Christian Vanneste s’était alors pourvu en cassation. La cour de cassation a donc cassé le jugement de la cour d’appel par ces motifs : « Si les propos litigieux, qui avaient été tenus dans la suite des débats et du vote de la loi du 30 décembre 2004, ont pu heurter la sensibilité de certaines personnes homosexuelles, leur contenu ne dépasse pas les limites de la liberté d’expression ».

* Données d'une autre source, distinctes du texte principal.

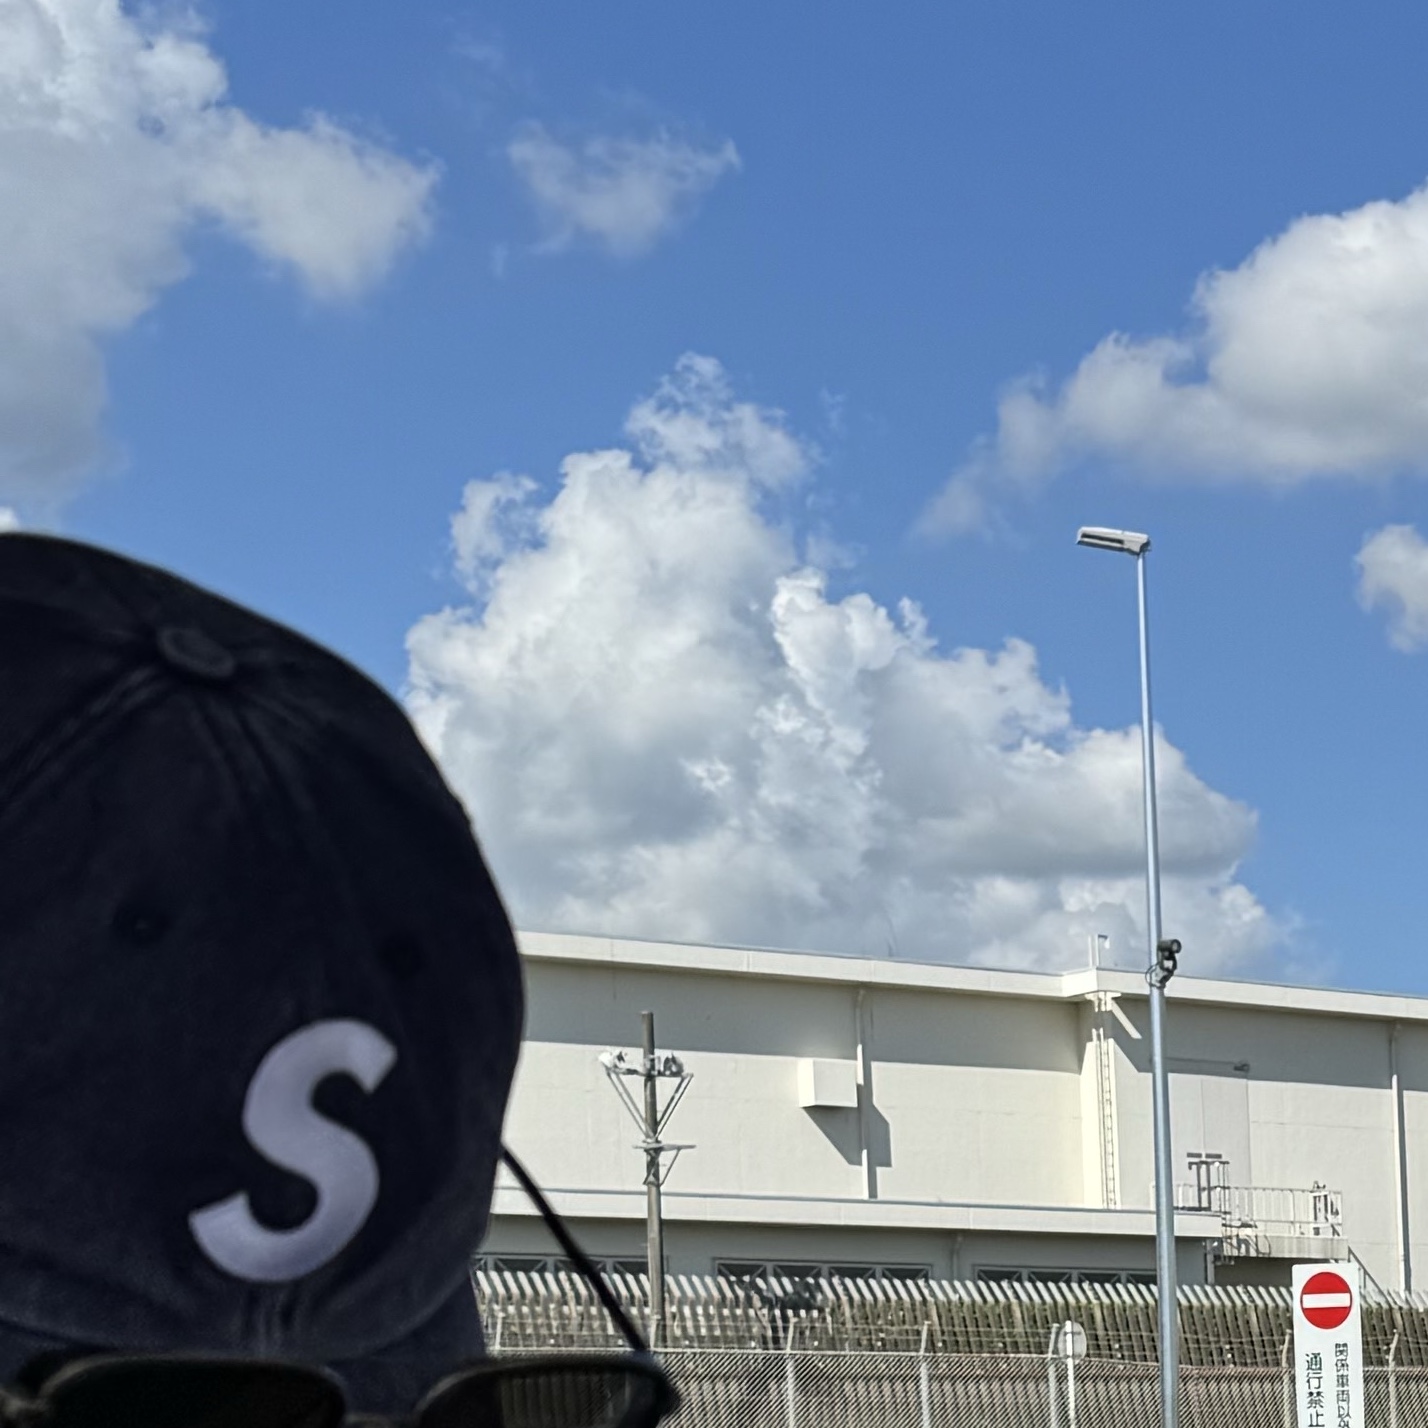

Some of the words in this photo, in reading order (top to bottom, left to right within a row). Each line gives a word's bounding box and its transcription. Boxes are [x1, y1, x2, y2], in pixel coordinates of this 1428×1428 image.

[189, 1018, 397, 1283] S
[1305, 1352, 1325, 1427] 通行禁止
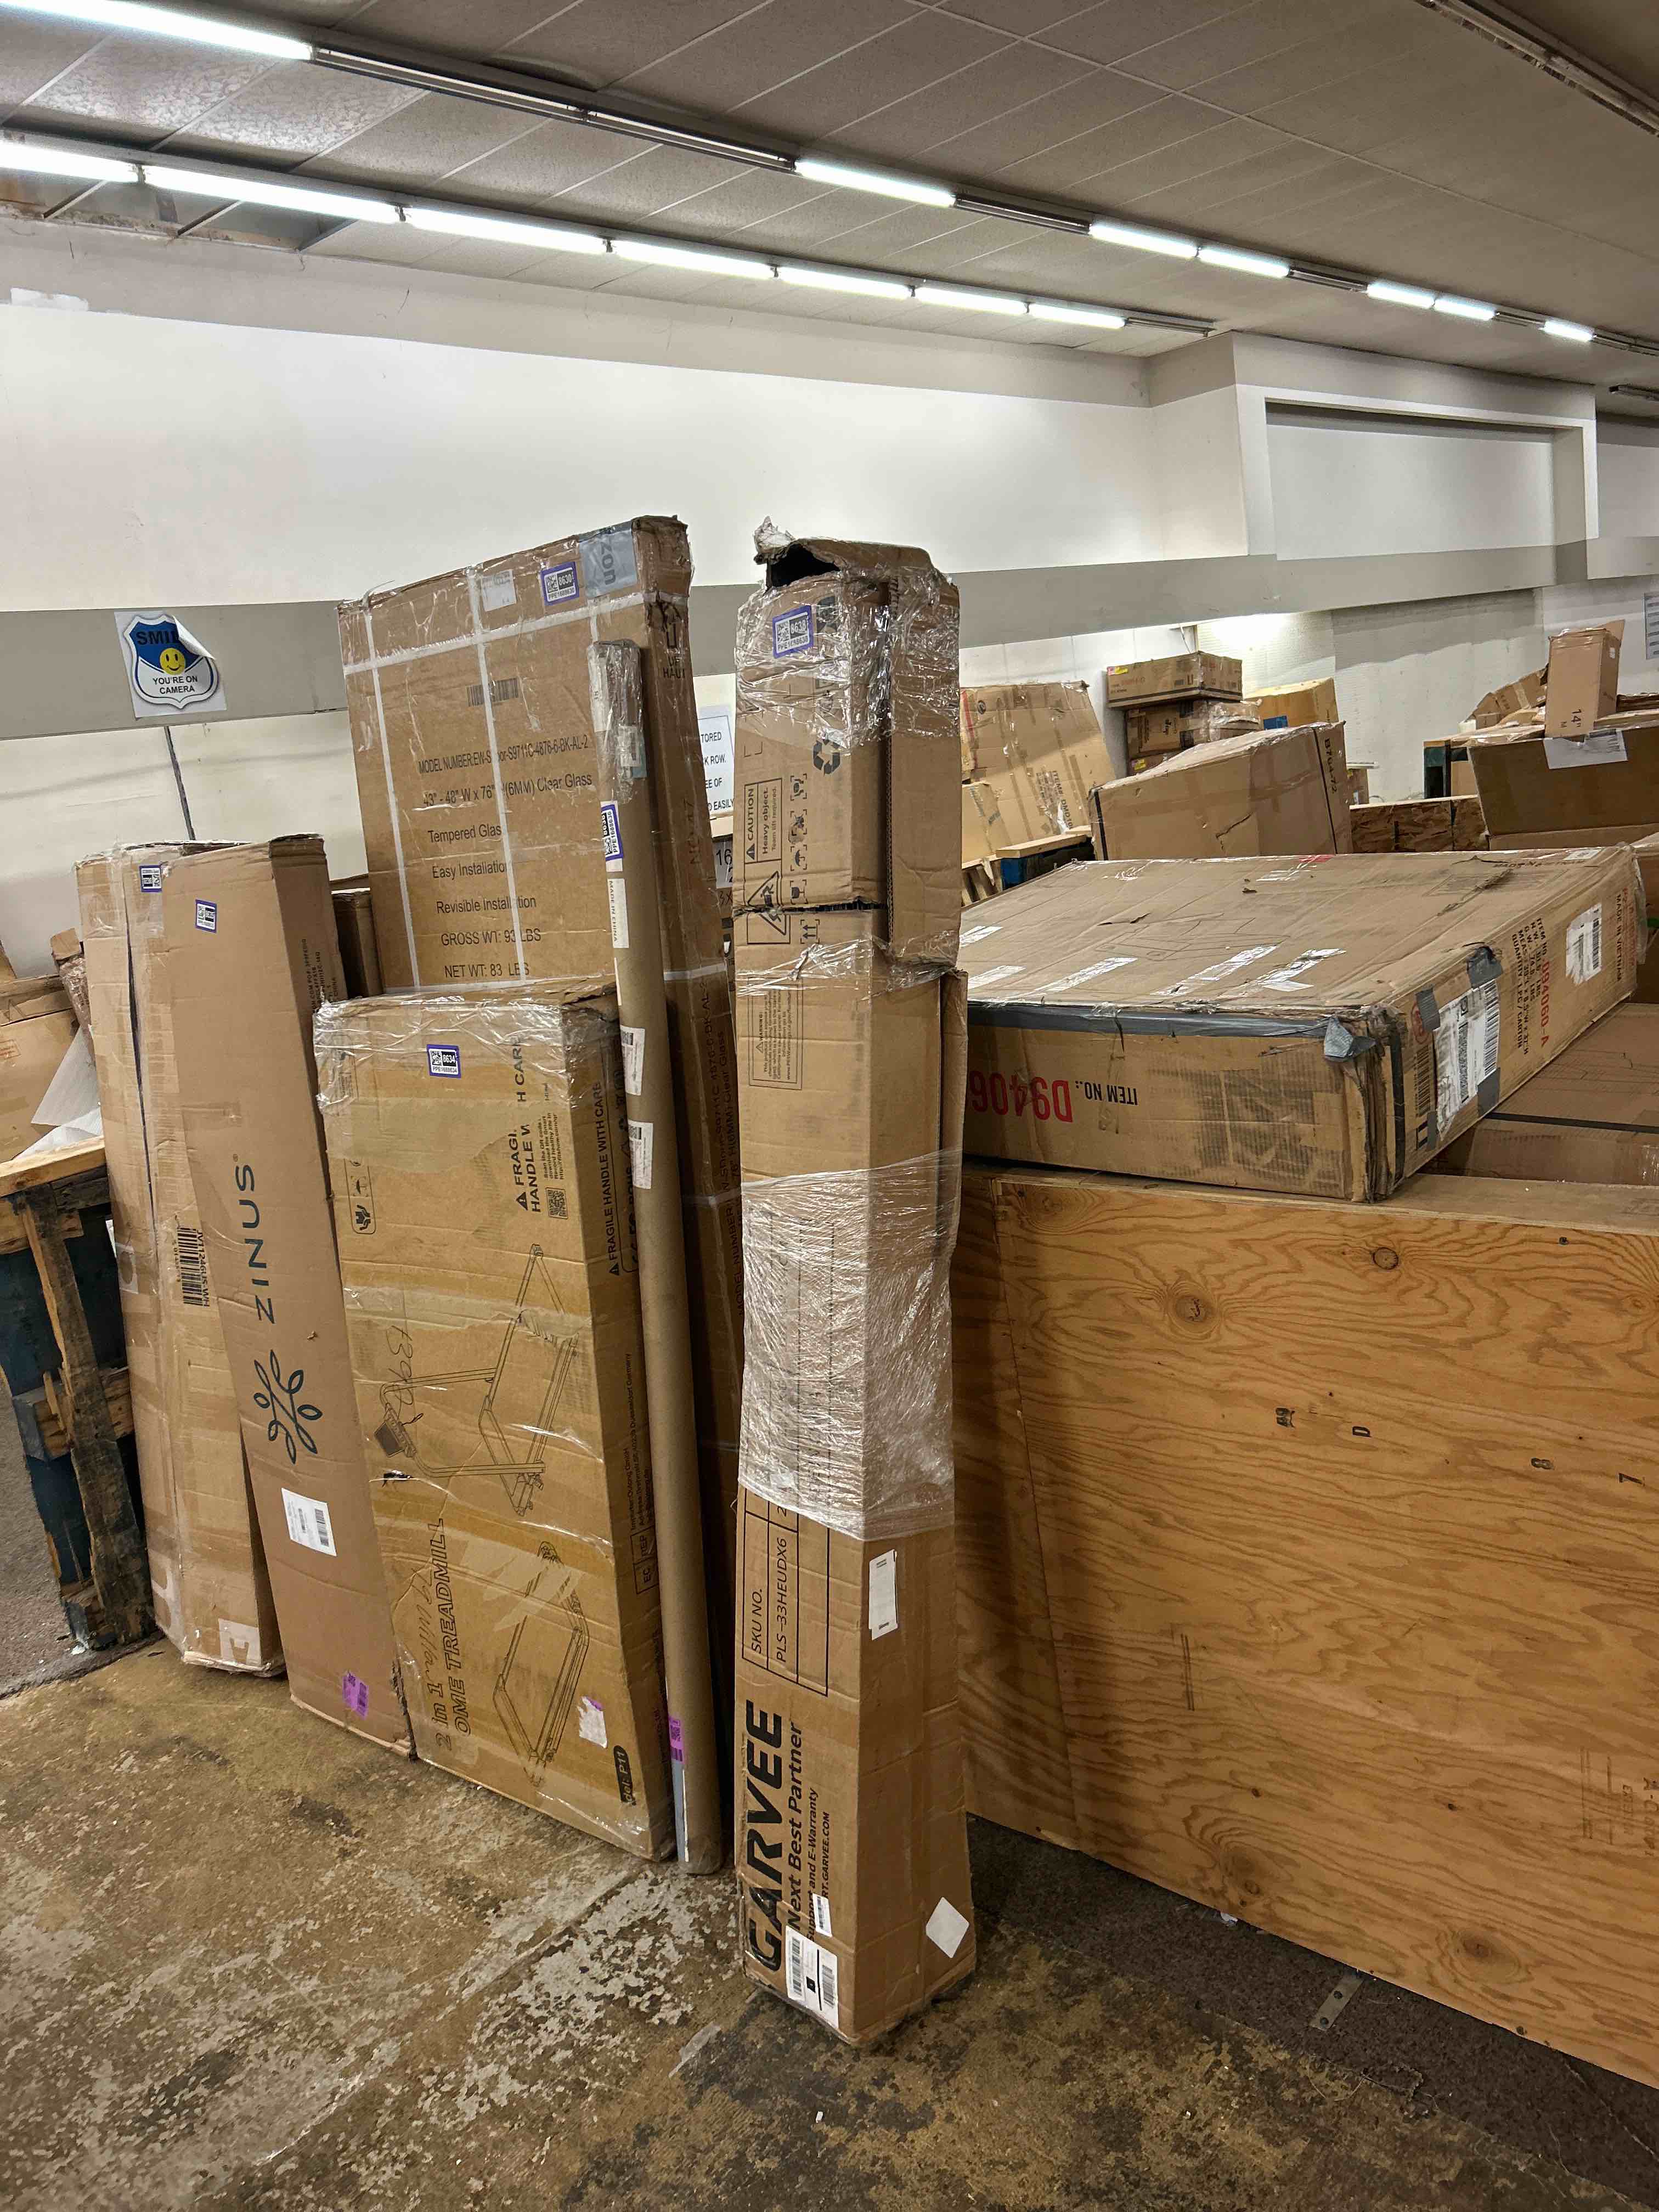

Christian Vanneste avait avoué « regretter le mot inférieur » tout en persistant à dire qu’il n’y avait pas d’injure dans ses propos « mais une opinion assez philosophique sur l’anthropologie et sur l’organisation de la société ».
C’est donc en se basant sur la liberté d’expression que la cour de cassation a rendu son verdict, verdict qui a créé la surprise mais aussi l’indignation de la communauté homosexuelle qui estime que « le respect de la liberté d’expression ne peut justifier une atteinte à la dignité de la personne des homosexuel(le)s. »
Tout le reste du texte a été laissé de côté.